## [ACTION ITEM]
A faithful copy of the entries is required, with no images in it.

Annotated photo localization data

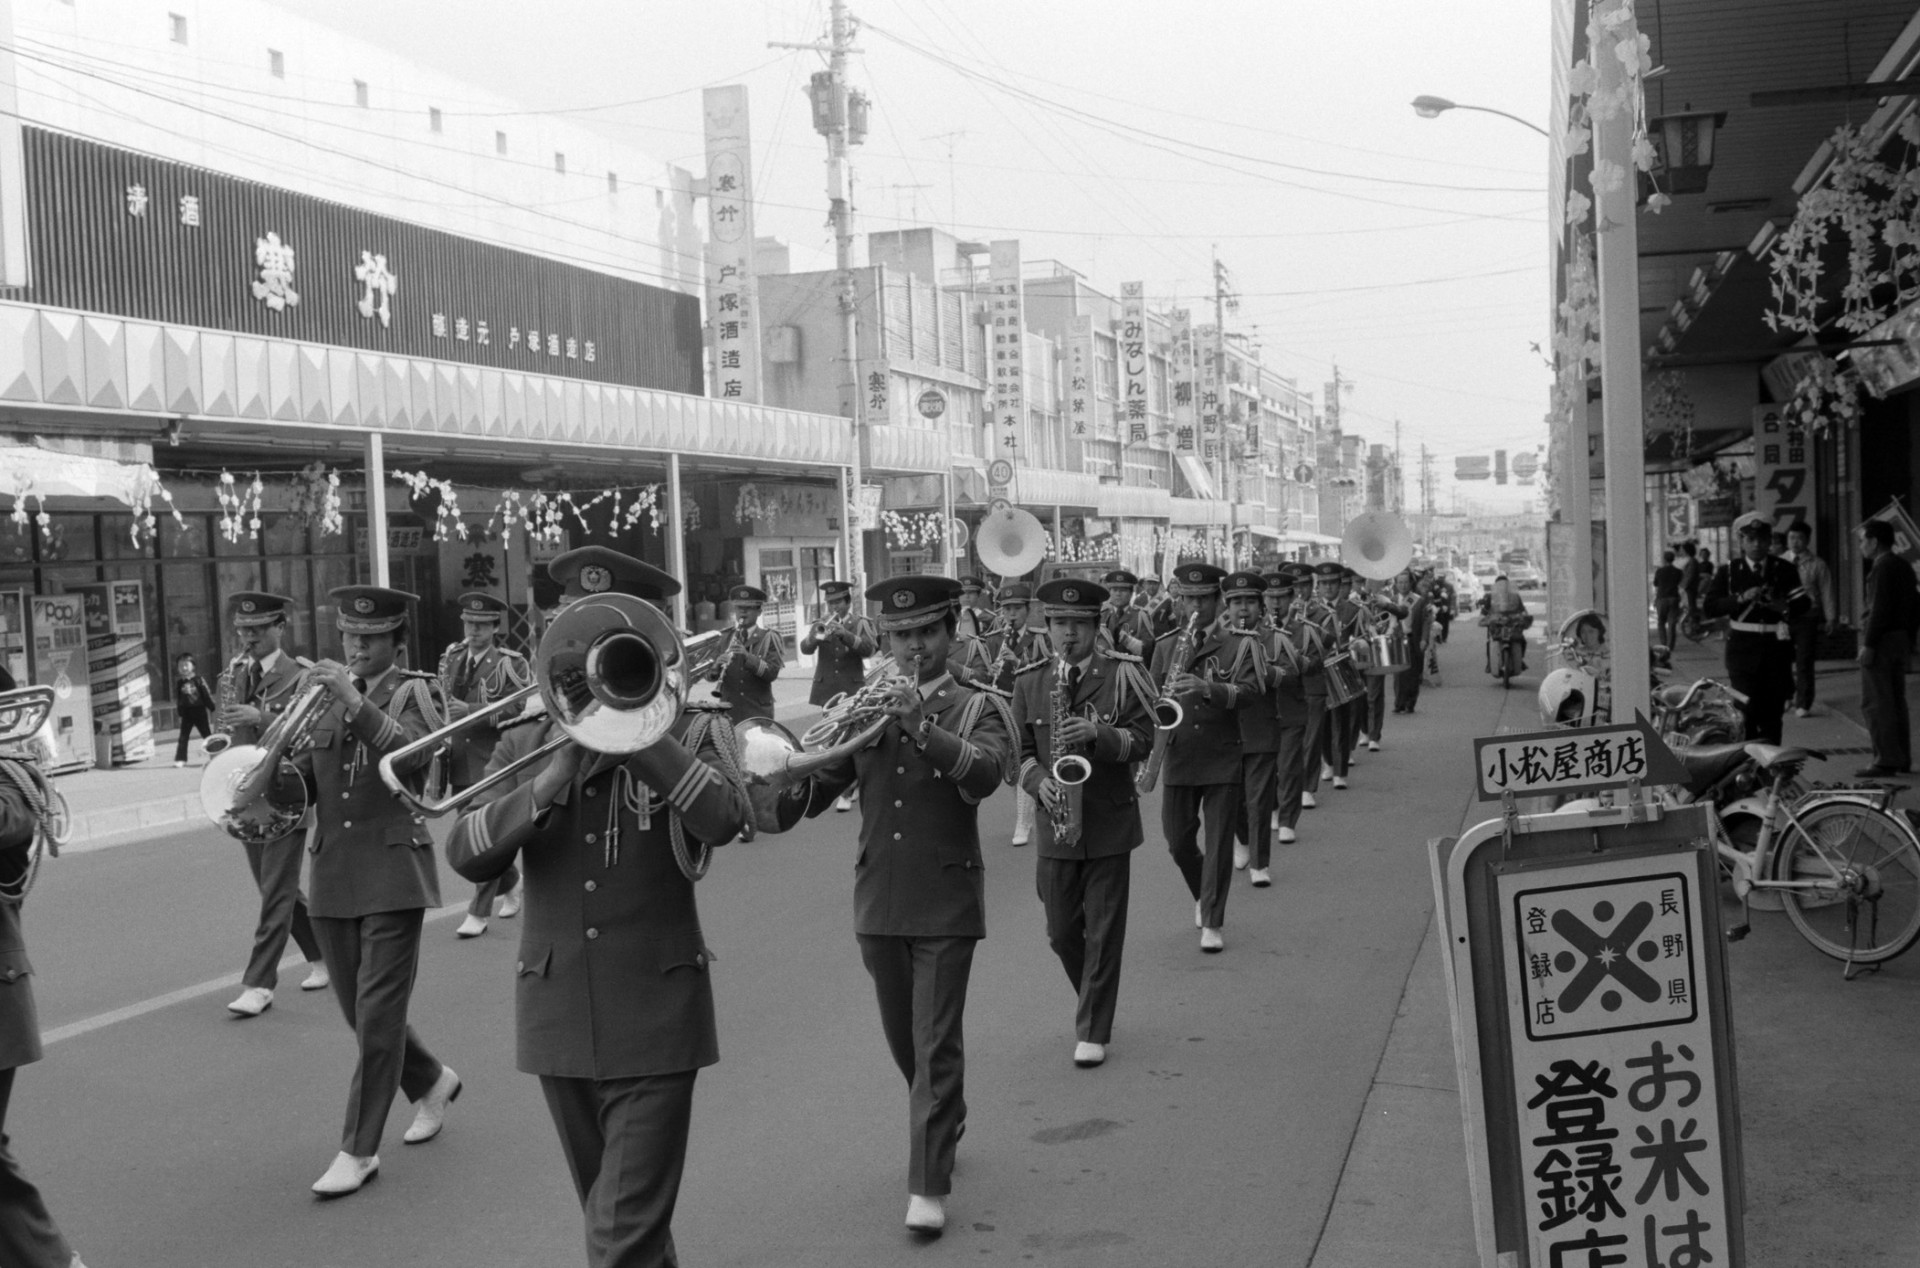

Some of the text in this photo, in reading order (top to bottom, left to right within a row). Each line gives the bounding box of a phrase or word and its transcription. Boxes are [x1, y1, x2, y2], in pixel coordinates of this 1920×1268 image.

[127, 183, 200, 227] 清酒
[1125, 321, 1148, 442] みなしん薬局
[1003, 414, 1018, 447] 本社
[1763, 411, 1781, 465] 合同
[994, 466, 1008, 478] 40
[45, 602, 74, 625] pop
[1487, 736, 1646, 787] 小松屋商店
[1526, 907, 1556, 1025] 登録店
[1659, 889, 1688, 1005] 長野県
[1624, 1041, 1713, 1268] お米は
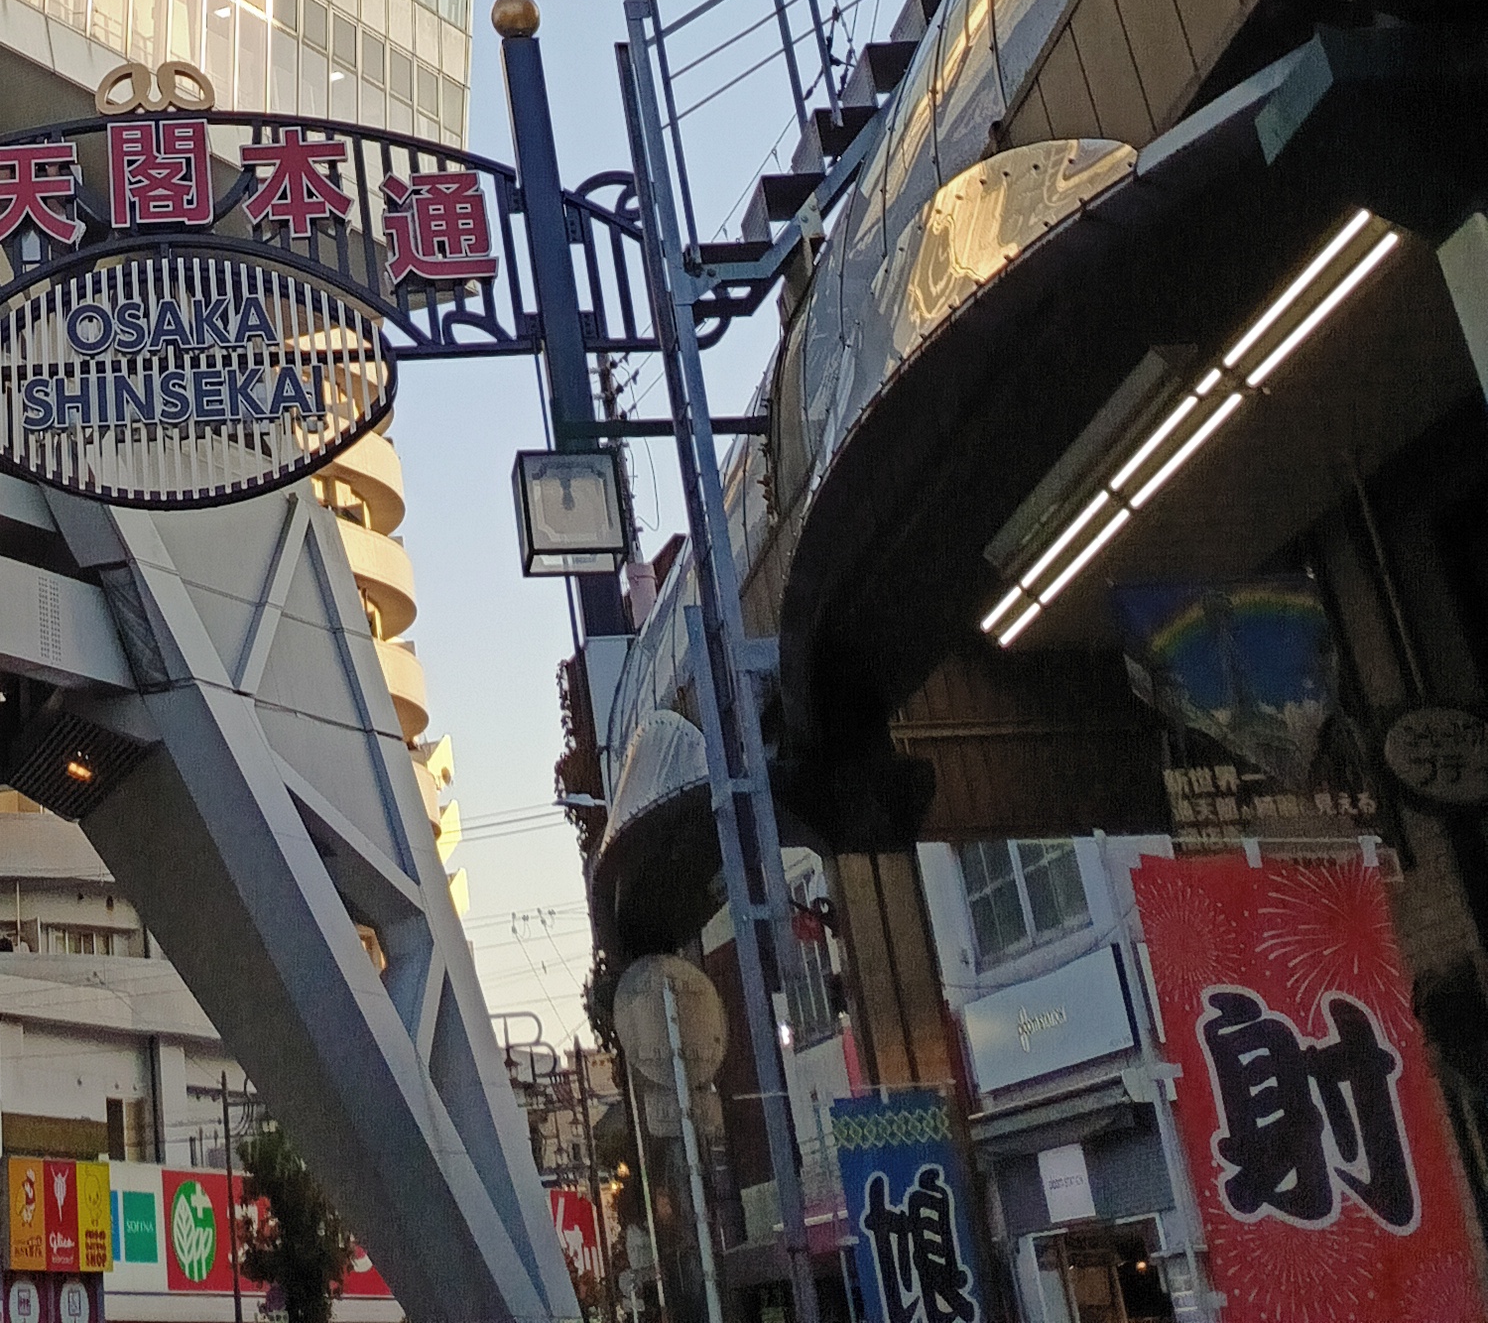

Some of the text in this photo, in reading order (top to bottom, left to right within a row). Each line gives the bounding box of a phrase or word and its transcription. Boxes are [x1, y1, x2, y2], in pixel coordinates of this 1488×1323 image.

[65, 293, 279, 356] OSAKA
[22, 363, 326, 432] SHINSEKAI
[1199, 988, 1418, 1232] 射
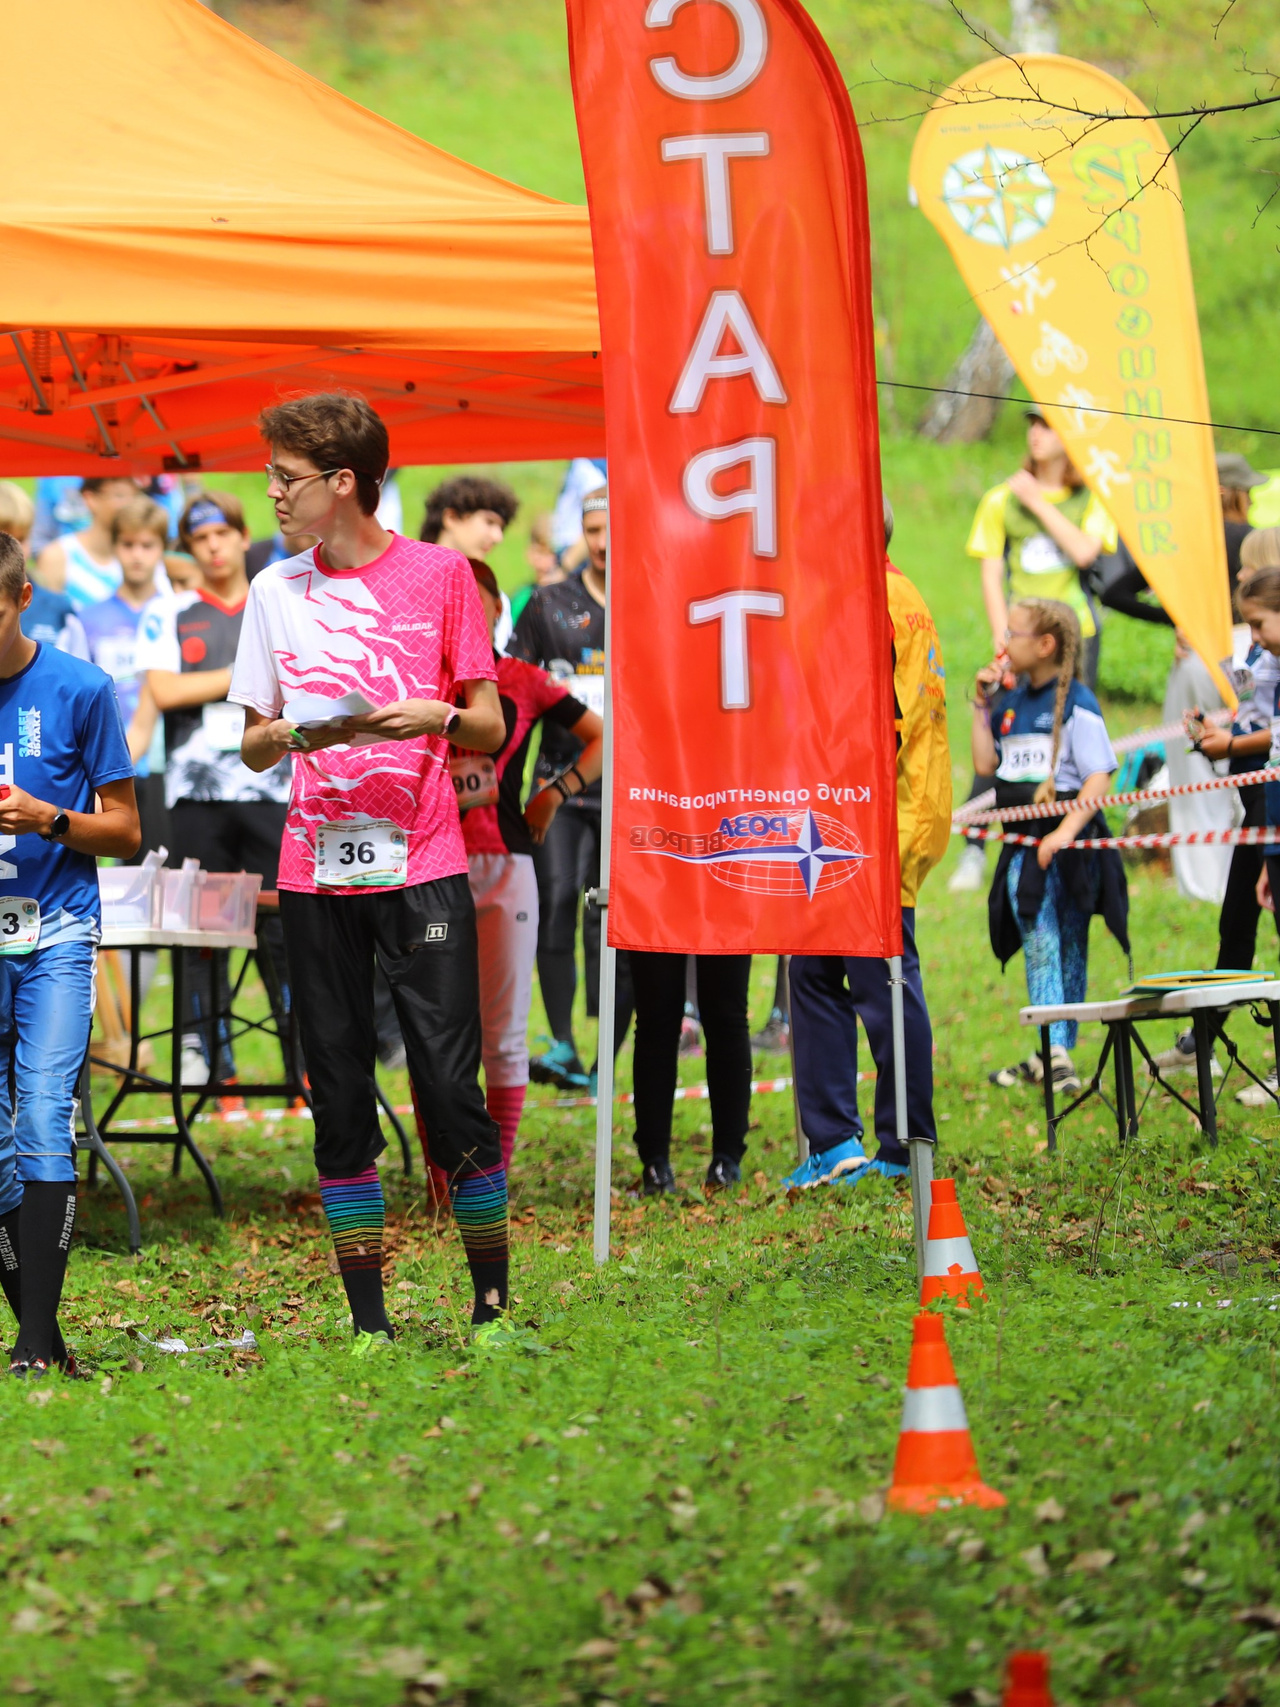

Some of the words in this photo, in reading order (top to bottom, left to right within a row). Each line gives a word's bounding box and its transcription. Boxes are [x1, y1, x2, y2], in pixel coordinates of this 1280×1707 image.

[18, 706, 30, 758] ЗАБЕГ
[33, 710, 41, 758] ОБЛАКА
[339, 841, 376, 865] 36

## [TASK ANSWER]
Some of the text in this photo, in reading order (top to bottom, left to right within a row). Each line gives the bounding box of a phrase or word and its transcription. Boxes are [x1, y1, x2, y2], in pixel coordinates of this 1920×1268 image.

[127, 183, 200, 227] 清酒
[1125, 321, 1148, 442] みなしん薬局
[1003, 414, 1018, 447] 本社
[1763, 411, 1781, 465] 合同
[994, 466, 1008, 478] 40
[45, 602, 74, 625] pop
[1487, 736, 1646, 787] 小松屋商店
[1526, 907, 1556, 1025] 登録店
[1659, 889, 1688, 1005] 長野県
[1624, 1041, 1713, 1268] お米は

Some of the text in this photo, in reading order (top to bottom, left to right within a row). Each line gives the bounding box of a phrase or word and its transcription. Boxes are [x1, y1, x2, y2], in pixel coordinates of this 1488×1323 image.

[65, 293, 279, 356] OSAKA
[22, 363, 326, 432] SHINSEKAI
[1199, 988, 1418, 1232] 射

Some of the words in this photo, in reading order (top to bottom, left to right within a row). Each line gives a word's bounding box and its transcription. Boxes are [x1, y1, x2, y2], in pixel coordinates of this 1280×1707 image.

[18, 706, 30, 758] ЗАБЕГ
[33, 710, 41, 758] ОБЛАКА
[339, 841, 376, 865] 36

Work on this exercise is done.